Effect of Y2O3 addition on the microstructure and properties of Ni60 additives by micro-plasma cladding

Abstract

In this study, the effect of rare earth oxide Y2O3 dispersion particles on the wear resistance and high temperature oxidation performance of Ni60 cladding layer, prepared by micro-plasma cladding, were investigated in detail for the purpose of the additive manufacturing and repair. The results shown that the addition of rare earth oxide Y2O3 reduced the conductivity and thermal conductivity of the nickel-based powder, changing the surface tension of the nickel-based powder after melting and improving the wettability of the molten pool metal, which directly affected the weldability and molding parameters of the cladding layer. When the content of Y2O3 is 1%, the cladding layer was well formed, and the microstructure was mainly composed of cell dendrites and needle-like structures. Moreover, the addition of Y2O3 also changed the thermodynamic conditions of the nucleation growth of the cladding layer, reducing the size of the hard phase such as boron chromium compound, carbon chromium compound, and increasing the distribution concentration. When the Y2O3 content is less than or equal to 1%, the dispersion distribution of Y2O3 refined the microstructure of the cladding layer, decreasing the size of the precipitated phase. The dispersion strengthening enhanced the hardness of the cladding layer and improved wear resistance.
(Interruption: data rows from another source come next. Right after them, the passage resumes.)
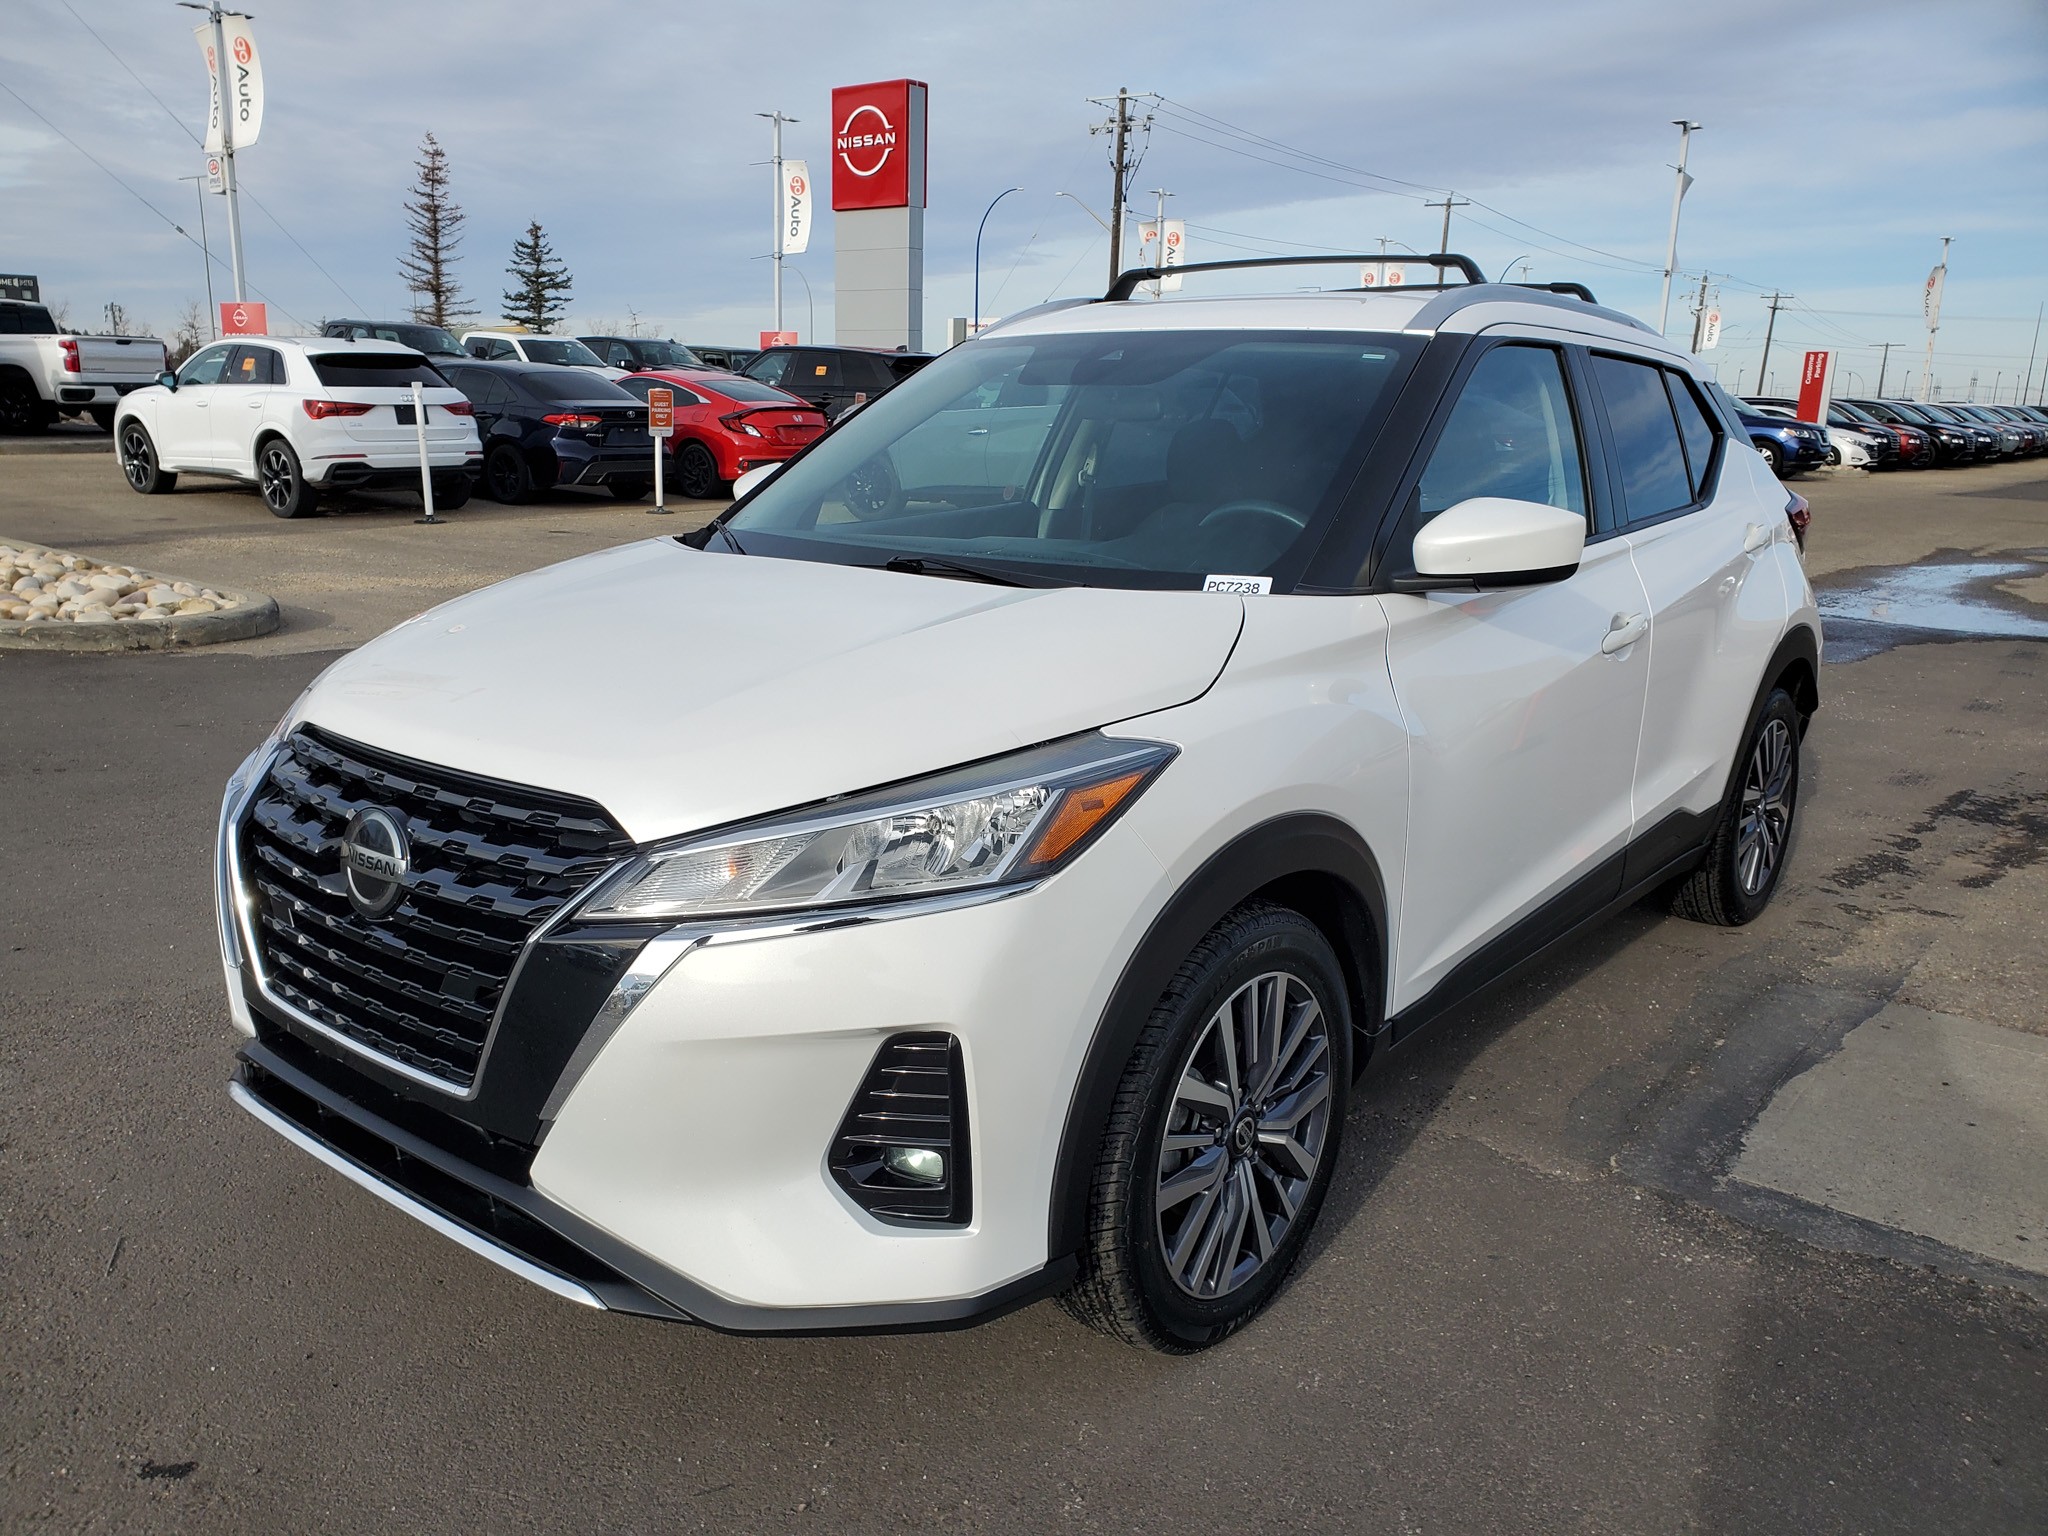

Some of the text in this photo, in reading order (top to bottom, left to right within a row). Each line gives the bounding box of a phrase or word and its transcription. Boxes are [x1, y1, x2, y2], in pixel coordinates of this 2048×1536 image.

[837, 132, 896, 149] NISSAN
[1805, 353, 1815, 385] Customer
[1814, 353, 1825, 379] Parking
[1207, 581, 1260, 595] PC7238
[348, 844, 396, 877] NISSAN
The wear mechanism of Ni60 cladding layer was adhesive wear and minute abrasive wear. At 700 °C high temperature oxidation experiment, the oxidation kinetic curve was parabolic, and the cladding layer finally forming a continuous composite oxide film (Cr2O3, YCrO4, NiCrO3, FeCr2O4, SiO2). The presence of rare earth oxide Y2O3 reduced growth rate of oxide film and improved the high temperature oxidation resistance of the cladding layer.